More expensive food and energy

China’s energy problems could also spur global agri-food prices up again as the country faces a difficult harvest season for products such as corn, soy, peanuts and cotton. Last year, Beijing imported a record amount of agricultural produce due to a domestic shortage that drove prices and global food costs to multi-year highs.

A United Nations index has risen 33% in the past 12 months. At the same time, some gas, coal, CO2 and electricity benchmarks are breaking records.

Oil prices rose above $ 80 a barrel for the first time in three years, and natural gas is the most expensive in seven years, which helped push the Bloomberg Commodity Spot Index to its highest level in a year. TotalEnergies CEO Patrick Pouyanne said the gas crisis affecting Europe is likely to last all winter.

It could get worse. Bank of America analysts tell their customers there is a chance the oil will hit the $ 100 mark, causing an economic crisis.

Supply squeezed

As winter approaches in the northern hemisphere, the delta variant remains another concern.

This explains why congestion forms at key international trade junctions, including the ports in Shanghai and Los Angeles, train stations in Chicago and warehouses in the UK.

Retailers, including Costco Wholesale Corp. in the US, order everything to make sure shelves are full, especially for those year-end holiday shopping.

Manufacturers, meanwhile, are struggling to source critical parts like semiconductors, chemicals, and glass.

Dubai’s DP World, one of the largest global port operators, expects bottlenecks that rocked global trade flows to last at least two years.

There is also a shortage of labor in some industries. Next week’s US payroll report sheds light on how big the problem was for businesses in September.

Political problems

Gloss also assumes that US economic policy is the locomotive for global recovery. While President Biden prevented a disruptive shutdown of the federal government for the time being through a stopgap funding bill, the broken talks on his $ 4 trillion economic agenda continue with deep divisions among his Democrats on the way forward.

The compromise on the shutdown came after Treasury Secretary Janet L. Yellen warned that unless Congress suspends or increases the sovereign debt limit, her department will indeed run out of money by October 18. Failure to do so would trigger both a recession and a financial crisis, Yellen said.

Globally, fiscal support will slow until 2022 after governments incurred the largest debt since the 1970s.

Monetary policy

Biden and Yellen also have to decide whether to hand over a second term to Federal Reserve Chairman Jerome H. Powell, a decision that could also shake markets.

For Powell and his international colleagues, the combination of declining growth and persistent inflation is challenging.

On Friday alone, there was news of the fastest inflation in the euro area in 13 years, and a US reading rose the most year-on-year since 1991.

Powell and the President of the European Central Bank, Christine Lagarde, express cautious optimism for the time being that inflation will ease.

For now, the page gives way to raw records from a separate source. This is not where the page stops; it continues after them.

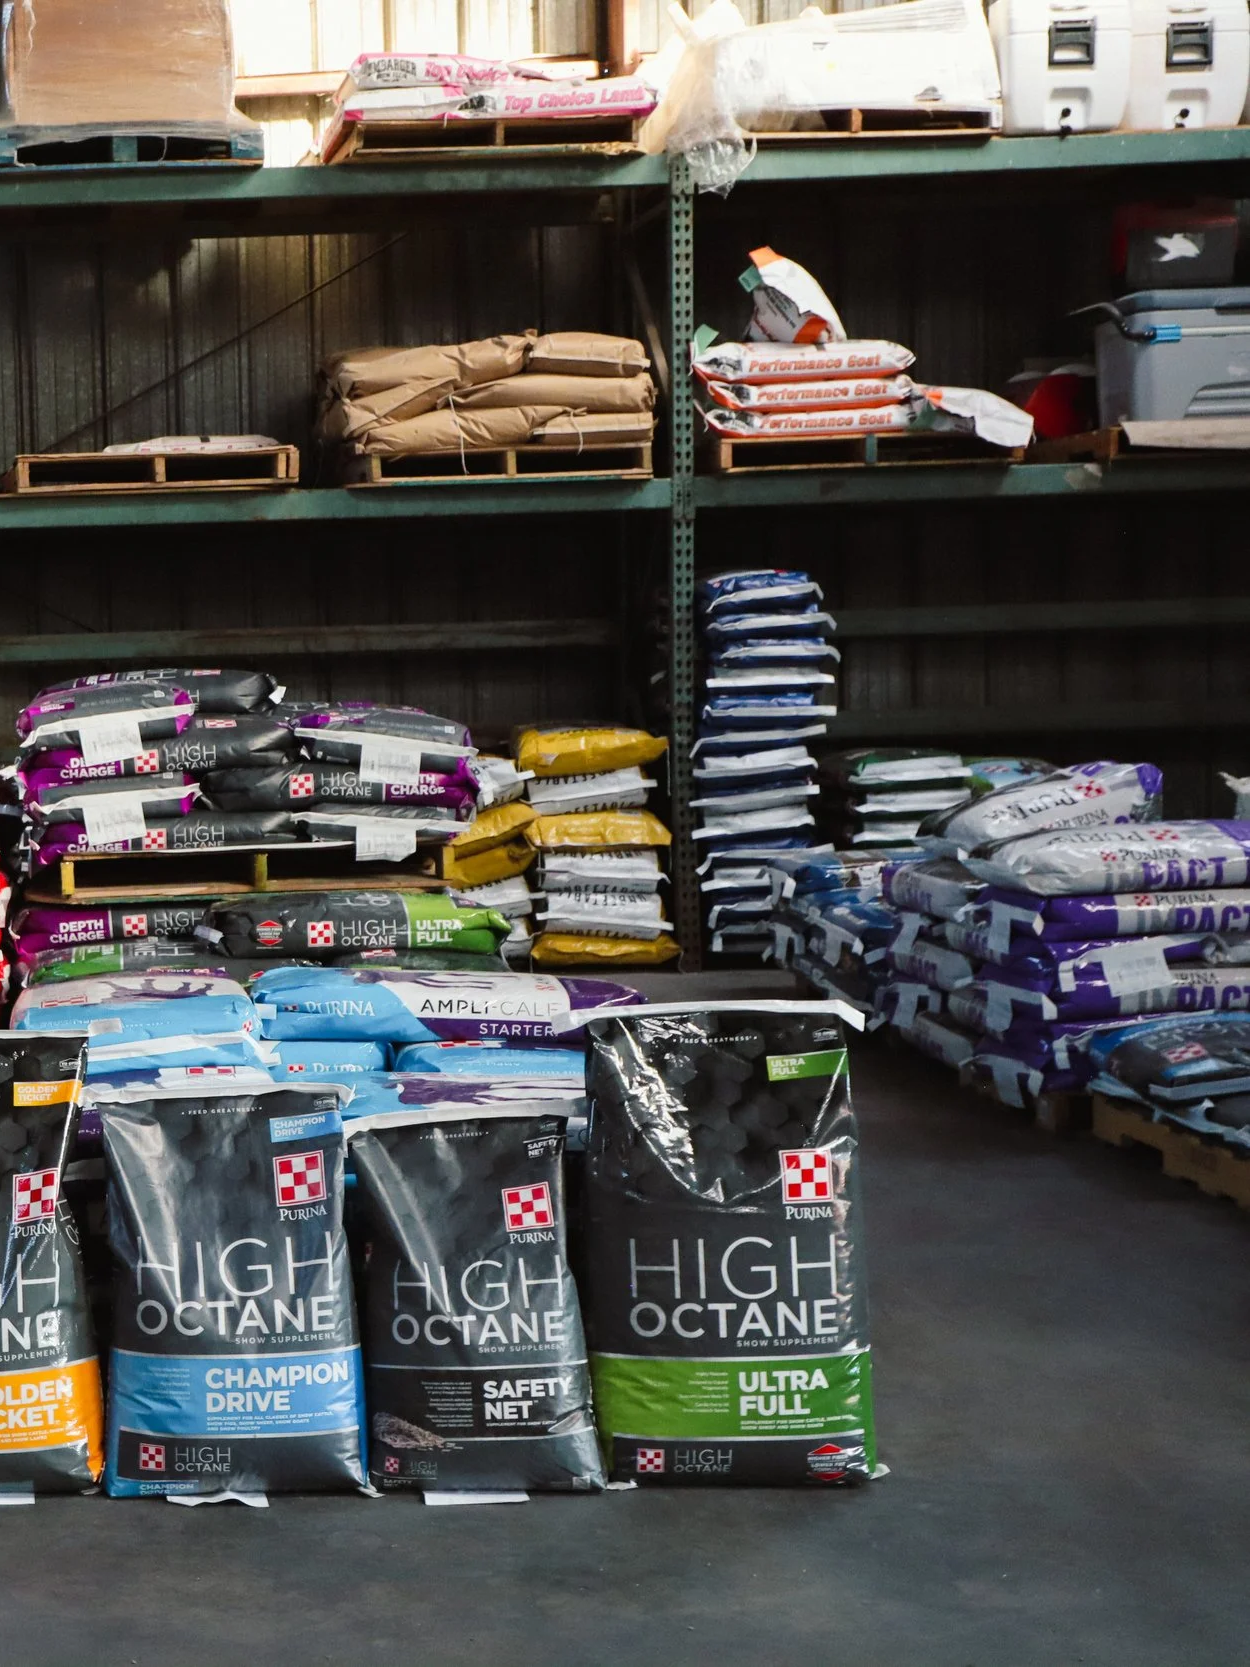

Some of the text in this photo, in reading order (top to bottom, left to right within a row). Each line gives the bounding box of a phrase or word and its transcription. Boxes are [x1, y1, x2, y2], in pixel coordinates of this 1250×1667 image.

[425, 62, 451, 81] Top
[505, 86, 646, 113] Top Choice Lamb
[749, 354, 882, 372] Performance Goat
[757, 382, 888, 401] Performance Goat
[760, 411, 893, 430] Performance Goat
[165, 745, 217, 762] HIGH
[60, 765, 116, 779] CHARGE
[166, 760, 217, 771] OCTANE
[320, 786, 372, 797] OCTANE
[390, 785, 446, 796] CHARGE
[174, 825, 225, 842] HIGH
[67, 842, 125, 852] CHARGE
[1154, 893, 1218, 907] PURINA
[59, 919, 105, 933] DEPTH
[154, 912, 203, 927] HIGH
[415, 919, 462, 931] ULTRA
[341, 919, 397, 937] HIGH
[50, 930, 105, 944] CHARGE
[341, 935, 397, 946] OCTANE
[415, 931, 454, 943] FULL
[305, 998, 560, 1019] PURINA AMPLI-CALF
[479, 1022, 556, 1037] STARTER
[770, 1058, 806, 1068] ULTRA
[772, 1067, 799, 1075] FULL
[17, 1085, 59, 1094] GOLDEN
[17, 1093, 53, 1101] TICKET
[187, 1106, 256, 1116] FEED GREATNESS
[273, 1115, 326, 1129] CHAMPION
[274, 1127, 304, 1138] DRIVE
[527, 1138, 558, 1150] SAFETY
[528, 1148, 545, 1157] NET
[279, 1204, 328, 1222] PURINA
[785, 1206, 834, 1221] PURINA
[13, 1222, 58, 1240] PURINA
[509, 1231, 556, 1245] PURINA
[136, 1231, 336, 1298] HIGH
[629, 1233, 839, 1300] HIGH
[393, 1254, 564, 1313] HIGH
[136, 1295, 336, 1337] OCTANE
[629, 1299, 840, 1339] OCTANE
[392, 1310, 565, 1347] OCTANE
[235, 1332, 337, 1345] SHOW SUPPLEMENT
[736, 1336, 840, 1347] SHOW SUPPLEMENT
[478, 1346, 506, 1354] SHOW
[205, 1360, 349, 1390] CHAMPION
[738, 1368, 830, 1393] ULTRA
[483, 1376, 572, 1401] SAFETY
[206, 1389, 291, 1414] DRIVE
[739, 1394, 811, 1416] FULL
[484, 1400, 533, 1421] NET
[174, 1446, 231, 1463] HIGH
[674, 1449, 733, 1465] HIGH
[174, 1462, 231, 1473] OCTANE
[673, 1464, 732, 1473] OCTANE
[139, 1483, 195, 1491] CHAMPION

But economists wonder when the ephemeral will become more permanent.

And that makes plans to cut bond purchases or raise interest rates risky. Many Latin American central banks and some in Eastern Europe have already increased the cost of borrowing. Norway was just the first developed country to do this, and the Fed is signaling that it will cut its bond-buying program as early as November.

Deutsche Bank strategist Jim Reid assumes that the global economy is facing its most restrictive phase of monetary policy in a decade.

“Central banks are playing with fire by tapering to stave off inflationary pressures without being entirely sure where we are in the cycle,” said Alicia Garcia Herrero, chief economist for Asia-Pacific at Natixis.